Task brief →
Reproduce the complete set of records exactly. No picture is to appear in the copy.

**** Supplied records

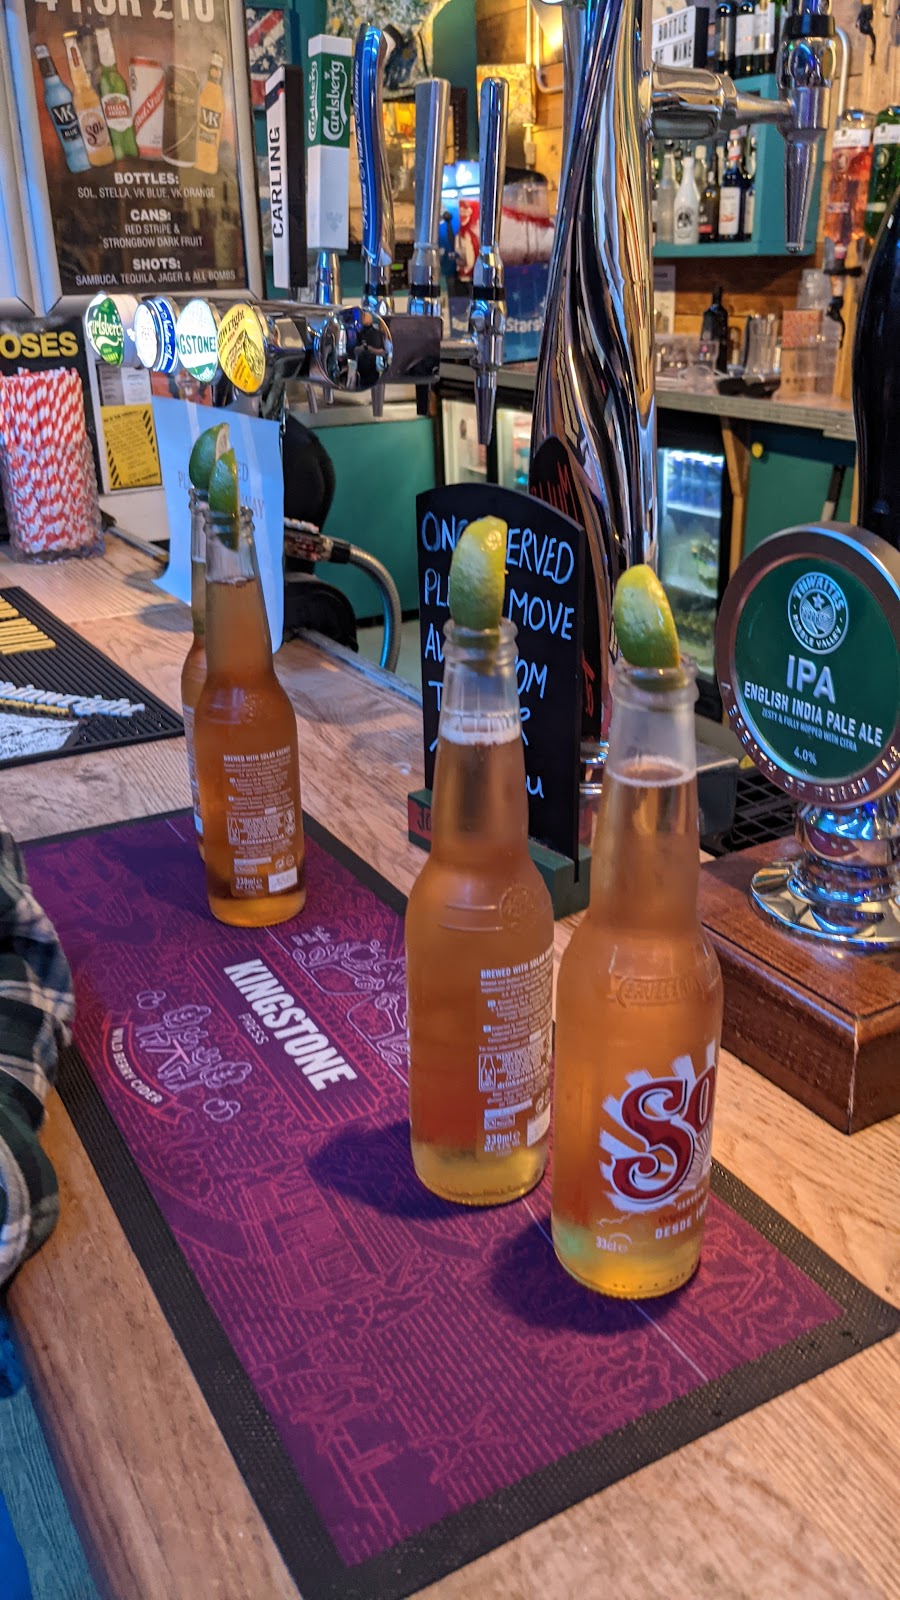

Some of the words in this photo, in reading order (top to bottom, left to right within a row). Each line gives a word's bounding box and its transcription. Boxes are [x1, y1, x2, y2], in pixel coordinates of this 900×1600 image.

[658, 14, 688, 42] BOTTLE
[322, 60, 348, 141] Carlsberg
[114, 172, 179, 185] BOTTLES:
[269, 126, 284, 238] CARLING
[133, 188, 145, 198] VK
[171, 188, 182, 198] VK
[183, 188, 215, 198] ORANGE
[130, 209, 172, 221] CANS:
[103, 237, 155, 249] STRONGBOW
[157, 236, 179, 248] DARK
[181, 236, 203, 247] FRUIT
[125, 224, 142, 235] RED
[144, 224, 171, 234] STRIPE
[174, 224, 180, 234] &
[133, 258, 182, 270] SHOTS:
[158, 272, 184, 283] JAGER
[185, 272, 191, 282] &
[193, 271, 206, 282] ALL
[207, 270, 235, 281] BOMBS
[0, 331, 79, 359] OSES
[176, 333, 217, 355] NGSTONE
[506, 527, 575, 585] ERVED
[792, 575, 845, 611] THWAITES
[508, 588, 575, 641] MOVE
[816, 625, 842, 648] VALLEY
[786, 654, 836, 704] IPA
[744, 681, 789, 713] ENGLISH
[792, 698, 823, 726] INDIA
[826, 709, 857, 738] PALE
[858, 722, 883, 748] ALE
[761, 706, 778, 721] ZESTY
[778, 713, 783, 724] &
[784, 715, 801, 731] FULLY
[800, 721, 823, 740] HOPPED
[823, 730, 839, 747] WITH
[840, 736, 858, 753] CITRA
[793, 745, 818, 767] 4.0%
[480, 966, 511, 979] BREWED
[512, 961, 529, 975] WITH
[223, 958, 358, 1091] KINGSTONE
[239, 1012, 269, 1045] PRESS
[112, 1027, 124, 1053] WILD
[112, 1050, 138, 1080] BERRY
[130, 1079, 163, 1105] CIDER
[655, 1215, 692, 1240] DESDE

********

Your solution →
Some of the words in this photo, in reading order (top to bottom, left to right within a row). Each line gives a word's bounding box and its transcription. Boxes are [x1, y1, x2, y2], in pixel coordinates of this 900×1600 image.

[658, 14, 688, 42] BOTTLE
[322, 60, 348, 141] Carlsberg
[114, 172, 179, 185] BOTTLES:
[269, 126, 284, 238] CARLING
[133, 188, 145, 198] VK
[171, 188, 182, 198] VK
[183, 188, 215, 198] ORANGE
[130, 209, 172, 221] CANS:
[103, 237, 155, 249] STRONGBOW
[157, 236, 179, 248] DARK
[181, 236, 203, 247] FRUIT
[125, 224, 142, 235] RED
[144, 224, 171, 234] STRIPE
[174, 224, 180, 234] &
[133, 258, 182, 270] SHOTS:
[158, 272, 184, 283] JAGER
[185, 272, 191, 282] &
[193, 271, 206, 282] ALL
[207, 270, 235, 281] BOMBS
[0, 331, 79, 359] OSES
[176, 333, 217, 355] NGSTONE
[506, 527, 575, 585] ERVED
[792, 575, 845, 611] THWAITES
[508, 588, 575, 641] MOVE
[816, 625, 842, 648] VALLEY
[786, 654, 836, 704] IPA
[744, 681, 789, 713] ENGLISH
[792, 698, 823, 726] INDIA
[826, 709, 857, 738] PALE
[858, 722, 883, 748] ALE
[761, 706, 778, 721] ZESTY
[778, 713, 783, 724] &
[784, 715, 801, 731] FULLY
[800, 721, 823, 740] HOPPED
[823, 730, 839, 747] WITH
[840, 736, 858, 753] CITRA
[793, 745, 818, 767] 4.0%
[480, 966, 511, 979] BREWED
[512, 961, 529, 975] WITH
[223, 958, 358, 1091] KINGSTONE
[239, 1012, 269, 1045] PRESS
[112, 1027, 124, 1053] WILD
[112, 1050, 138, 1080] BERRY
[130, 1079, 163, 1105] CIDER
[655, 1215, 692, 1240] DESDE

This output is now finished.